The obligations of the Investors to consummate the transactions contemplated by this Agreement are subject to the satisfaction or written waiver by the Investors (to the extent such condition can be waived), at or prior to the Closing, of each of the following conditions:
(a) The Holdings IPO, with minimum gross proceeds of $75,000,000, the net proceeds of which shall only be used as described in the draft prospectus for such offering previously provided to the Investors, shall have been consummated.

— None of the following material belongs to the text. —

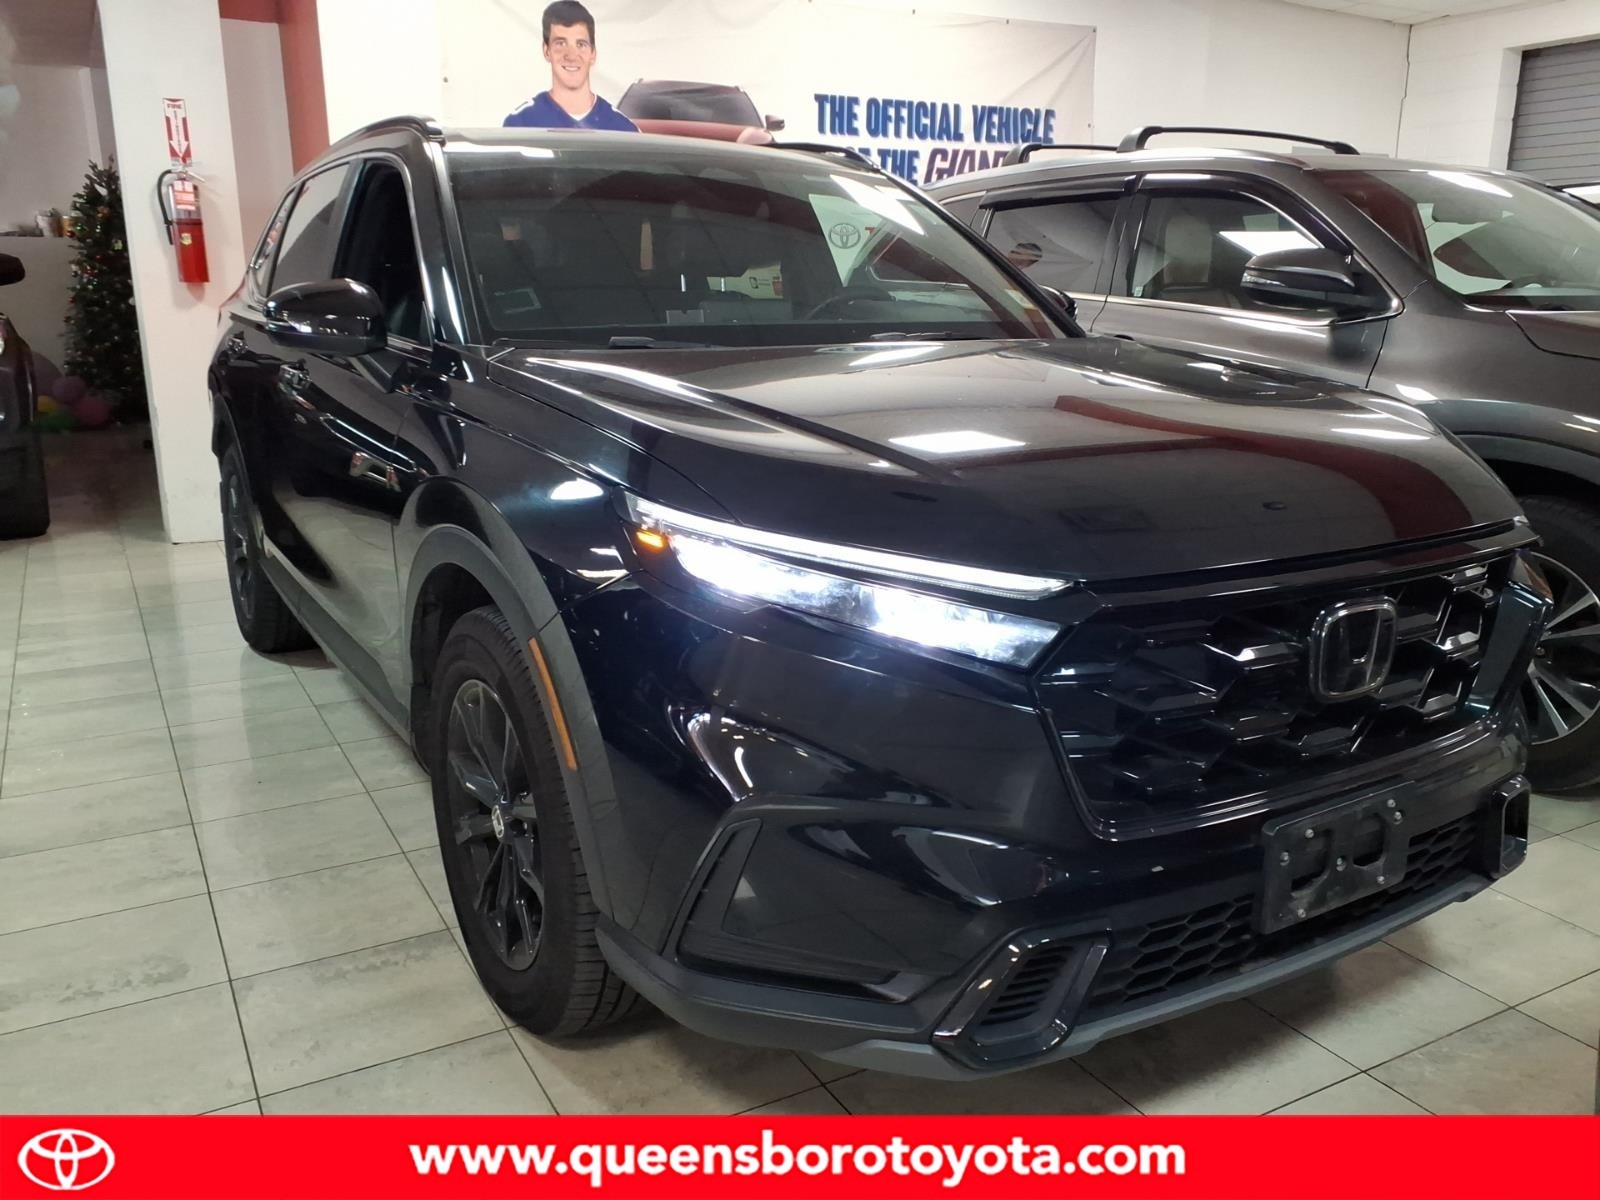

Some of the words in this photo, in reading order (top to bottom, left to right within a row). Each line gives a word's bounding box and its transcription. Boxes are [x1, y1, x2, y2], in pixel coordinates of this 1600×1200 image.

(b) The representations and warranties of Holdings and the Company shall be true and correct in all material respects (except for any representations and warranties that are already qualified as to “materiality” or “Material Adverse Effect,” which representations and warranties shall be true and correct in all respects) at and as of the Closing Date as if made on the Closing Date, except for the representations and warranties of Holdings and the Company set forth in Sections 3.2, 3.3, and 3.7 and 3.9, which shall be true and correct in all respects at and as of the Closing Date as if made on the Closing Date.
(c) Each of Holdings and the Company shall have performed or complied in all material respects with all obligations and covenants required by this Agreement to be performed or complied with by Holdings or the Company, as applicable, at or prior to the Closing.

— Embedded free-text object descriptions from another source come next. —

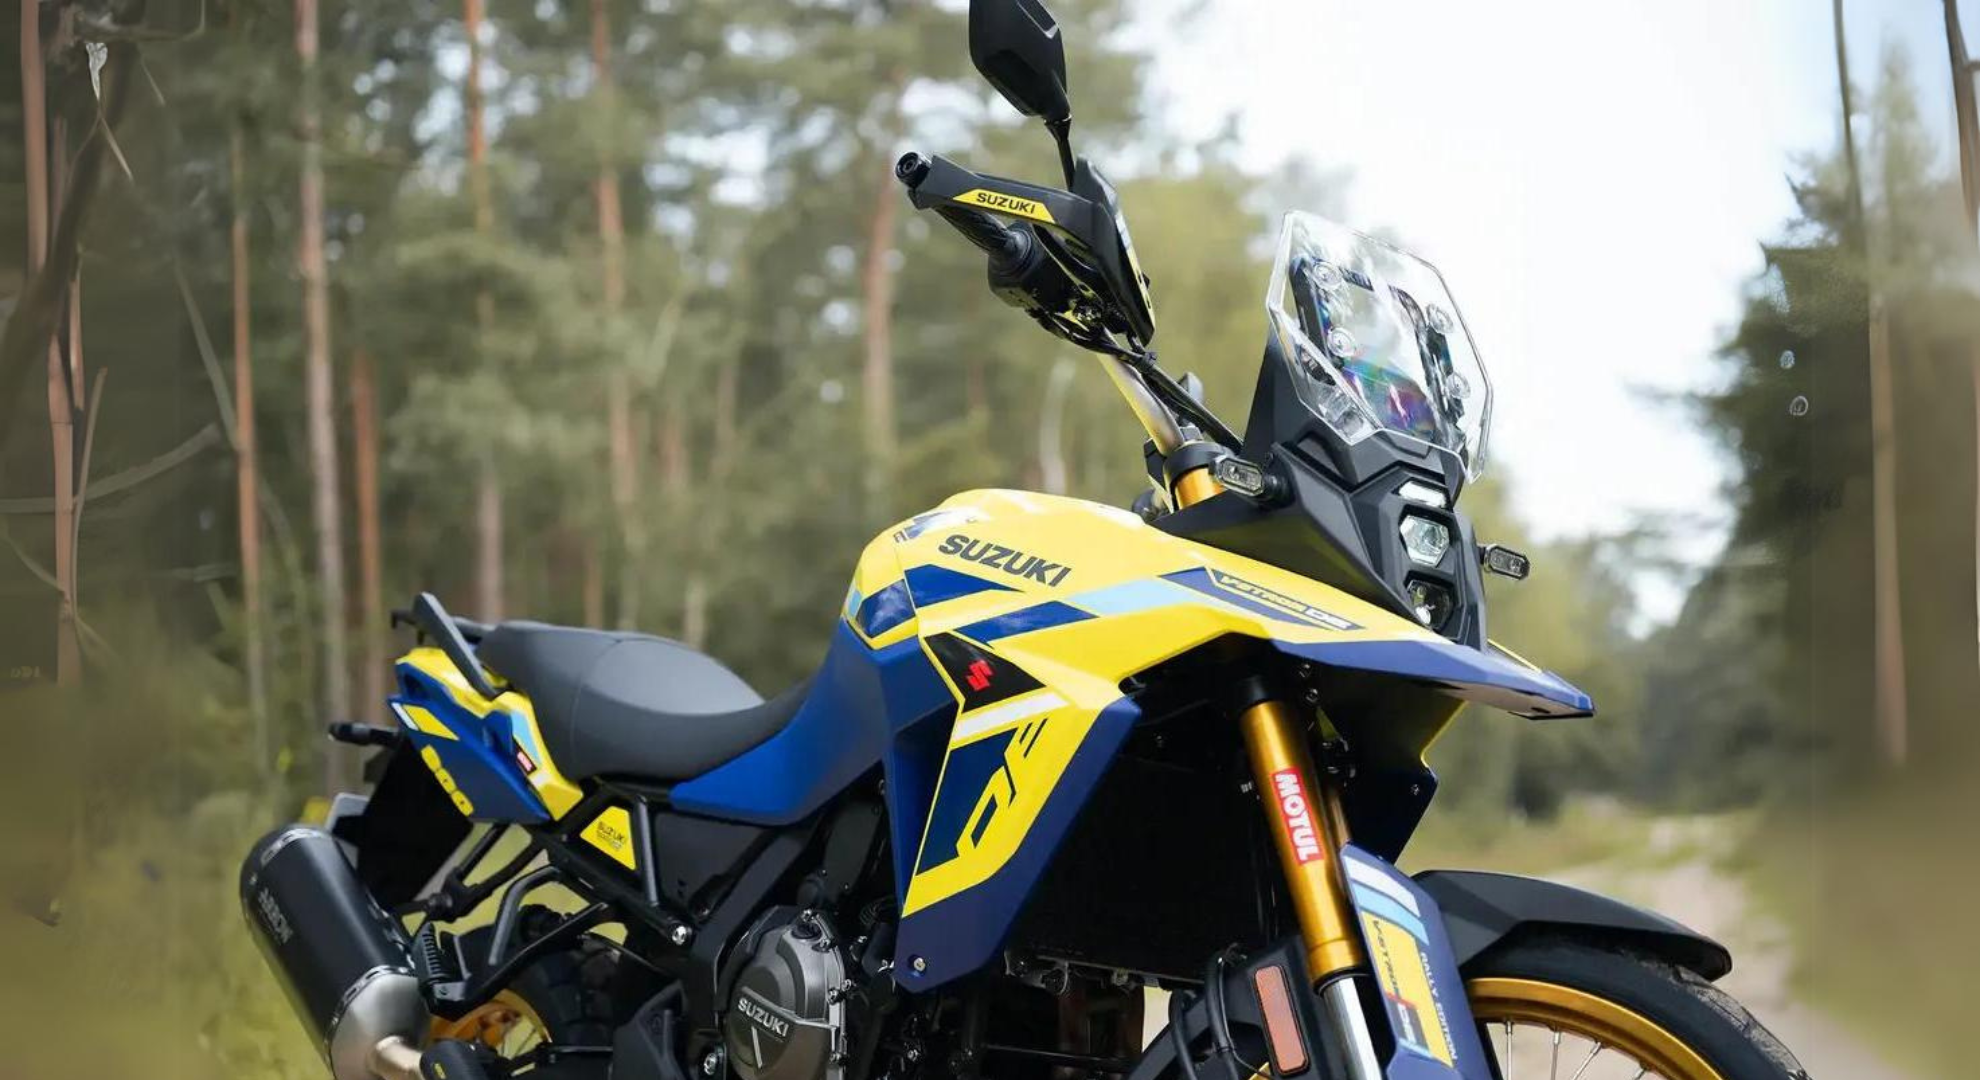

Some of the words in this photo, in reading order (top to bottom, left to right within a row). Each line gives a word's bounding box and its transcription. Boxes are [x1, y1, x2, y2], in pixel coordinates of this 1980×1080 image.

[976, 192, 1036, 215] SUZUKI
[937, 534, 1072, 588] SUZUKI
[1275, 774, 1320, 861] MOTUL
[1420, 951, 1439, 998] RALLY
[737, 998, 790, 1037] SUZUKI
[1435, 1001, 1458, 1061] EDITION

(d) Each Investor shall have received each of the closing deliverables listed in Section 2.2(b).
(e) Holdings shall have duly filed the Preferred Stock COD with the Secretary of State of the State of Delaware and the Preferred Stock COD shall have become effective.
(f) Holdings and the Company shall have paid or reimbursed the documented out-of-pocket fees and expenses of each Investor relating to the negotiation of this Agreement and each Related Agreement and the transactions contemplated hereby and thereby, including reasonably incurred legal fees and expenses.

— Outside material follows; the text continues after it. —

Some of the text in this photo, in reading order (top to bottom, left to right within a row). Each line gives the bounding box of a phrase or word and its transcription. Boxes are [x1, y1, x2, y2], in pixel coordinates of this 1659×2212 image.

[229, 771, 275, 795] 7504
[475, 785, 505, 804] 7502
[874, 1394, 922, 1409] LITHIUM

(g) From the date of this Agreement, there shall not have occurred any Material Adverse Effect, nor shall any event or events have occurred that, individually or in the aggregate, with or without the lapse of time, would reasonable be expected to result in a Material Adverse Effect.
(h) The Registration Statement, including the Prospectus, amendments and supplements to such Registration Statement or Prospectus, including pre- and post-effective amendments, all exhibits thereto, and all material incorporated by reference or deemed to be incorporated by reference in the Registrations Statement shall not include any untrue statement of material fact or omit to state a material fact necessary in order to make the statements therein, in light of the circumstances under which they were made, not misleading.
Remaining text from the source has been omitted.